Saving the Apple’s Ancient Ancestor in the Forests of Kazakhstan

Found in the Tian Shan mountains, Malus sieversii could hold the secret to making other species of the fruit more stress-resistant

Malus sieversii
Malus sieversii is a wild apple native to the mountains of southern Kazakhstan. Anna Yu/Alamy

The foothills of Kazakhstan’s Tian Shan mountains are something of a genetic wonderland. This vast mountain system forms the border between China and Central Asia, and between its higher spruce-covered slopes and its lower poplar trees are dense patches of woodlands, ones brimming with walnuts and wild fruits. These include apricots, cherry plums and pears, as well as Malus sieversii, a wild apple—the primary ancestor of the modern apple—that’s been growing in this region for thousands of years.

Thousands of apple varieties—crunchy, thick-skinned Fujis, which originated in Japan in the 1930s; aromatic Galas; and rare Pink Pearls—exist in the world today, many of them bred for their distinct flavor, color and texture. Turns out the bulk of these domesticated apples can be traced right back to Kazakhstan’s Malus sieversii. Despite the variety, however, only 15 types of apples account for 90 percent of apples grown throughout the United States. These specialty crops are especially susceptible to diseases like apple scab, a fungal ailment that attacks both a tree’s leaves and fruit with unsightly lesions, and outbreaks of highly infectious fire blight, which can kill entire trees outright.

“Wild apple populations have a far greater gene diversity than within any domesticated variety,” says Robert Spengler, author of Fruit From the Sands: The Silk Road Origins of the Foods We Eat, meaning the key to apple survival just may lie along the Tian Shan foothills.

“It’s a complicated history, but conservationists generally consider that what’s left of the wild apple is in the Tian Shan mountains,” he adds. Spengler is an archaeobotanist studying the ancient remains of plants.
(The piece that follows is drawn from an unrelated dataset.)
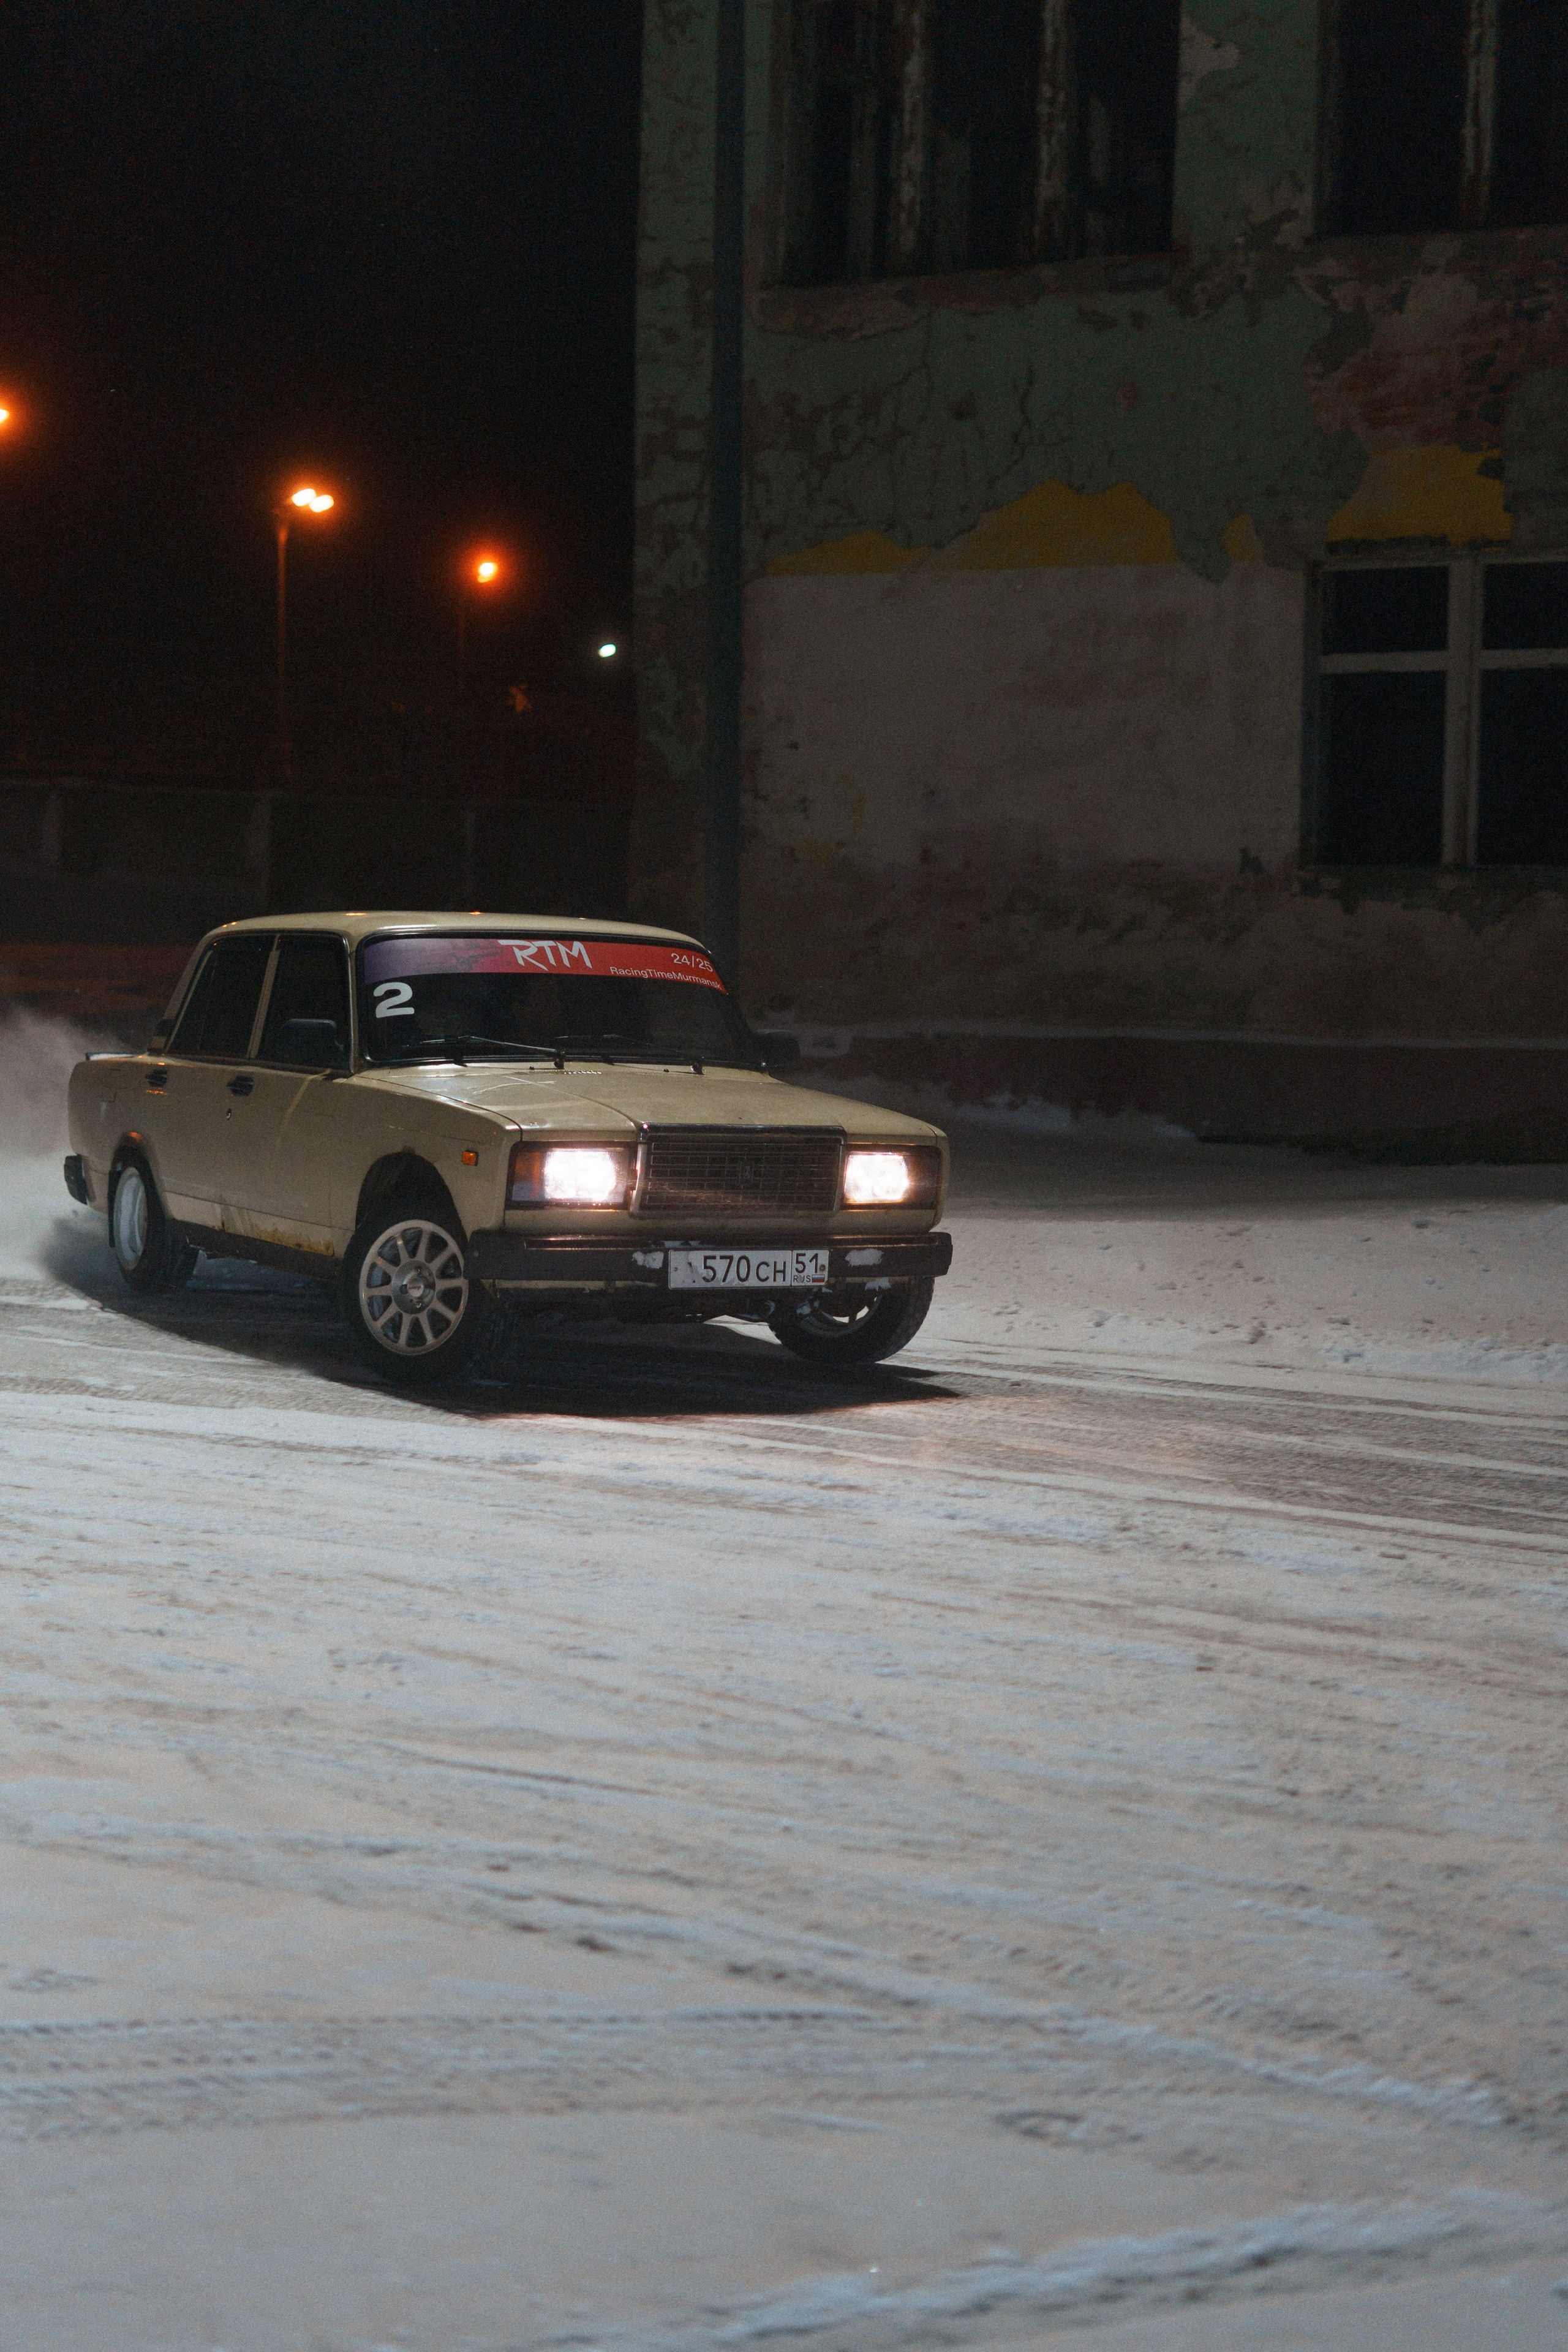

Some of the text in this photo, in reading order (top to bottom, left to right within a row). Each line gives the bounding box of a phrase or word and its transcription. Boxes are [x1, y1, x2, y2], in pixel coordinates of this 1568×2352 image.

He’s spent years visiting Kazakhstan’s wild apple forests and archaeological sites along the Silk Road, “piecing together the breadcrumb trail,” he says, of how this network of Eurasian trade routes throughout Central Asia directly shaped the foods we eat today.

Blossoming apple trees in Kazakhstan
While the exact number of Malus sieversii is unknown, the bulk remaining in Kazakhstan grow freely and untamed. Maxim Pushkarev/Alamy

It’s commonly believed that apples originated in Central Asia, their seeds spread through the digestive systems of bears and other large mammals, including the horses of Silk Road traders (and possibly some megafauna that are now extinct, says Spengler). Eventually humans took up the cause, tossing apple cores along roadsides or planting seeds deliberately. As these traders continued to head west—from China to the Mediterranean through areas of Central Asia, Iran and Caucasia—apples did too, crossbreeding with other species in the Caucasus Mountains and Siberia, and finally reaching Europe, leading to an incredible amount of genetic diversity along the way.

That’s because apples happen to be extremely heterozygous, meaning that just one tree can produce an incredible variation in offspring, leaving no two apple trees the same. At some point (archaeological evidence suggests at least 5,000 years ago), humans figured out how to cultivate them: “Discovering that you cut off a branch of one tree, stick it onto the root stock of another tree,” says Spengler, “and then preserve that specific variety.” With this, the modern apple was born.

It wasn’t until 1929 that Russian scientist Nikolai Vavilov first traced the apple genome back to Kazakhstan’s Tian Shan mountains. However, says Spengler, Central Asia’s entire mountain belt was likely flourishing with close relatives of Malus sieversii at one point. Together with his colleagues, Spengler—an affiliate of the Max Planck Institute of Geoanthropology in Jena, Germany—has found apple seeds in archaeological sites across Kyrgyzstan, Uzbekistan and Turkmenistan, supporting not only the working theory that these wild apple forests covered much of this region in the past, but also the idea that the ancestors to the modern apple actually originated in these more southern peripheries, where the higher temperatures were more in tune with their growing habits. Over thousands of years, they made their way north into Kazakhstan, adapting to the area’s long, cold winters. It’s these patches of fairly dense woodland that remain, mixings of wild apples alongside feral varieties and interspersed with walnut trees and fruits like pears and apricots. While the exact number of Malus sieversii is unknown, the bulk remaining in Kazakhstan grow freely and untamed, though threatened by encroaching development.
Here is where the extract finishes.